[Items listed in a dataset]
__________________________________________________
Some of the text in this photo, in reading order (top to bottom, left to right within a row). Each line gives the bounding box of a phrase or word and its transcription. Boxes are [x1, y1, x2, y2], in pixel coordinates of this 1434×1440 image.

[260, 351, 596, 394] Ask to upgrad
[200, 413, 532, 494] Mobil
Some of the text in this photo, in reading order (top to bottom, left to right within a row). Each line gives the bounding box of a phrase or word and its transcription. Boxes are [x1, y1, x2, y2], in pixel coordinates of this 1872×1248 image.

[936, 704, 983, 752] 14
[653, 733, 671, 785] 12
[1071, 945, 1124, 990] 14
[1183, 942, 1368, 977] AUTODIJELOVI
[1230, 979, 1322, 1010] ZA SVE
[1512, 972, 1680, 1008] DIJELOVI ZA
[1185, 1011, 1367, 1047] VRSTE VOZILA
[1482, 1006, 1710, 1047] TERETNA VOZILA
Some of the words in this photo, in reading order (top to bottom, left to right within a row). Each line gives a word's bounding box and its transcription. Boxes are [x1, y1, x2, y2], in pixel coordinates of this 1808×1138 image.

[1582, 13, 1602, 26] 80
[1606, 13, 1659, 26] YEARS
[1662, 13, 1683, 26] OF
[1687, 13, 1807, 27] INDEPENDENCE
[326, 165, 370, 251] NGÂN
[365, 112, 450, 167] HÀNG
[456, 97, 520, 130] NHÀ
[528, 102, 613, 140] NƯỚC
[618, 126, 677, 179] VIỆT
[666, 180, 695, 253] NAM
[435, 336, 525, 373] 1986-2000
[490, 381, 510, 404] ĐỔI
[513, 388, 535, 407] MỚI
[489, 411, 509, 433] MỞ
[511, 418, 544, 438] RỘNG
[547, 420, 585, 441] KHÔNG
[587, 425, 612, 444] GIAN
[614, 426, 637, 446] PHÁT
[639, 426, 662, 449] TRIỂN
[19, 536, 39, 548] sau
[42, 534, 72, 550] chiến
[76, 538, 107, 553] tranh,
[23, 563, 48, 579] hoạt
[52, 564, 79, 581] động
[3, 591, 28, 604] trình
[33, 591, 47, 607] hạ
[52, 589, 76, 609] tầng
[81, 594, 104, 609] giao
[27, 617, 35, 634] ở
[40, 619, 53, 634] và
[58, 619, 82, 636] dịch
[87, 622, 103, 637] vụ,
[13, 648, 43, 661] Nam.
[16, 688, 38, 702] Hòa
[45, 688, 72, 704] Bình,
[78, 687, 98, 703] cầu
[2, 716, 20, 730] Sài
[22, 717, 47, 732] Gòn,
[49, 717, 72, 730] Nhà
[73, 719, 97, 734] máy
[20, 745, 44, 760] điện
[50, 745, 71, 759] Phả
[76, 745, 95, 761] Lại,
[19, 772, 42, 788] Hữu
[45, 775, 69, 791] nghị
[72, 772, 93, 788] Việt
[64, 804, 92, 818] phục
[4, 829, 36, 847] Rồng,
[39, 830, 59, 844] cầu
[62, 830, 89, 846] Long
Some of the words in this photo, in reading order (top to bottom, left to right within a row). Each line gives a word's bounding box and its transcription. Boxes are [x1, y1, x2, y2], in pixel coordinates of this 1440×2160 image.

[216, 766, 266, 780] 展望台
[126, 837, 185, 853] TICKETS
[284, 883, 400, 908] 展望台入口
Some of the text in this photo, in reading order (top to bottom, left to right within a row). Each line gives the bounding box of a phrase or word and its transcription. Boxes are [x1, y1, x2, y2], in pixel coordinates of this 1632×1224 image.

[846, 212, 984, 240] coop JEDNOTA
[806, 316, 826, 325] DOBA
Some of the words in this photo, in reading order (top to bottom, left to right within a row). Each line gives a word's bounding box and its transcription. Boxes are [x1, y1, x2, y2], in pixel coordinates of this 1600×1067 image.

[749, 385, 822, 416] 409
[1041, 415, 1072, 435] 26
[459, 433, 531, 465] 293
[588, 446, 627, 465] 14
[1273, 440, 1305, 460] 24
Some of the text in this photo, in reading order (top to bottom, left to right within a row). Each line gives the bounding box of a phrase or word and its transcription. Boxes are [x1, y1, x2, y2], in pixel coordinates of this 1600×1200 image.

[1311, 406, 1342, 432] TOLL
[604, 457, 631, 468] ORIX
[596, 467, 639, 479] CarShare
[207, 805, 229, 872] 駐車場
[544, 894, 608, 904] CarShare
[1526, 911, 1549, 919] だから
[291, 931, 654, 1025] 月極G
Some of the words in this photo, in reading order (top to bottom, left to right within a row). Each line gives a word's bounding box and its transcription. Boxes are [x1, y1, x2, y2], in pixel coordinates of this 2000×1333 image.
__________________________________________________
* _Required action_
Copy down every record, keeping each one exact.

* _Answer to the problem_
Some of the text in this photo, in reading order (top to bottom, left to right within a row). Each line gives the bounding box of a phrase or word and its transcription. Boxes are [x1, y1, x2, y2], in pixel coordinates of this 1434×1440 image.

[260, 351, 596, 394] Ask to upgrad
[200, 413, 532, 494] Mobil
Some of the text in this photo, in reading order (top to bottom, left to right within a row). Each line gives the bounding box of a phrase or word and its transcription. Boxes are [x1, y1, x2, y2], in pixel coordinates of this 1872×1248 image.

[936, 704, 983, 752] 14
[653, 733, 671, 785] 12
[1071, 945, 1124, 990] 14
[1183, 942, 1368, 977] AUTODIJELOVI
[1230, 979, 1322, 1010] ZA SVE
[1512, 972, 1680, 1008] DIJELOVI ZA
[1185, 1011, 1367, 1047] VRSTE VOZILA
[1482, 1006, 1710, 1047] TERETNA VOZILA
Some of the words in this photo, in reading order (top to bottom, left to right within a row). Each line gives a word's bounding box and its transcription. Boxes are [x1, y1, x2, y2], in pixel coordinates of this 1808×1138 image.

[1582, 13, 1602, 26] 80
[1606, 13, 1659, 26] YEARS
[1662, 13, 1683, 26] OF
[1687, 13, 1807, 27] INDEPENDENCE
[326, 165, 370, 251] NGÂN
[365, 112, 450, 167] HÀNG
[456, 97, 520, 130] NHÀ
[528, 102, 613, 140] NƯỚC
[618, 126, 677, 179] VIỆT
[666, 180, 695, 253] NAM
[435, 336, 525, 373] 1986-2000
[490, 381, 510, 404] ĐỔI
[513, 388, 535, 407] MỚI
[489, 411, 509, 433] MỞ
[511, 418, 544, 438] RỘNG
[547, 420, 585, 441] KHÔNG
[587, 425, 612, 444] GIAN
[614, 426, 637, 446] PHÁT
[639, 426, 662, 449] TRIỂN
[19, 536, 39, 548] sau
[42, 534, 72, 550] chiến
[76, 538, 107, 553] tranh,
[23, 563, 48, 579] hoạt
[52, 564, 79, 581] động
[3, 591, 28, 604] trình
[33, 591, 47, 607] hạ
[52, 589, 76, 609] tầng
[81, 594, 104, 609] giao
[27, 617, 35, 634] ở
[40, 619, 53, 634] và
[58, 619, 82, 636] dịch
[87, 622, 103, 637] vụ,
[13, 648, 43, 661] Nam.
[16, 688, 38, 702] Hòa
[45, 688, 72, 704] Bình,
[78, 687, 98, 703] cầu
[2, 716, 20, 730] Sài
[22, 717, 47, 732] Gòn,
[49, 717, 72, 730] Nhà
[73, 719, 97, 734] máy
[20, 745, 44, 760] điện
[50, 745, 71, 759] Phả
[76, 745, 95, 761] Lại,
[19, 772, 42, 788] Hữu
[45, 775, 69, 791] nghị
[72, 772, 93, 788] Việt
[64, 804, 92, 818] phục
[4, 829, 36, 847] Rồng,
[39, 830, 59, 844] cầu
[62, 830, 89, 846] Long
Some of the words in this photo, in reading order (top to bottom, left to right within a row). Each line gives a word's bounding box and its transcription. Boxes are [x1, y1, x2, y2], in pixel coordinates of this 1440×2160 image.

[216, 766, 266, 780] 展望台
[126, 837, 185, 853] TICKETS
[284, 883, 400, 908] 展望台入口
Some of the text in this photo, in reading order (top to bottom, left to right within a row). Each line gives the bounding box of a phrase or word and its transcription. Boxes are [x1, y1, x2, y2], in pixel coordinates of this 1632×1224 image.

[846, 212, 984, 240] coop JEDNOTA
[806, 316, 826, 325] DOBA
Some of the words in this photo, in reading order (top to bottom, left to right within a row). Each line gives a word's bounding box and its transcription. Boxes are [x1, y1, x2, y2], in pixel coordinates of this 1600×1067 image.

[749, 385, 822, 416] 409
[1041, 415, 1072, 435] 26
[459, 433, 531, 465] 293
[588, 446, 627, 465] 14
[1273, 440, 1305, 460] 24
Some of the text in this photo, in reading order (top to bottom, left to right within a row). Each line gives the bounding box of a phrase or word and its transcription. Boxes are [x1, y1, x2, y2], in pixel coordinates of this 1600×1200 image.

[1311, 406, 1342, 432] TOLL
[604, 457, 631, 468] ORIX
[596, 467, 639, 479] CarShare
[207, 805, 229, 872] 駐車場
[544, 894, 608, 904] CarShare
[1526, 911, 1549, 919] だから
[291, 931, 654, 1025] 月極G
Some of the words in this photo, in reading order (top to bottom, left to right within a row). Each line gives a word's bounding box and its transcription. Boxes are [x1, y1, x2, y2], in pixel coordinates of this 2000×1333 image.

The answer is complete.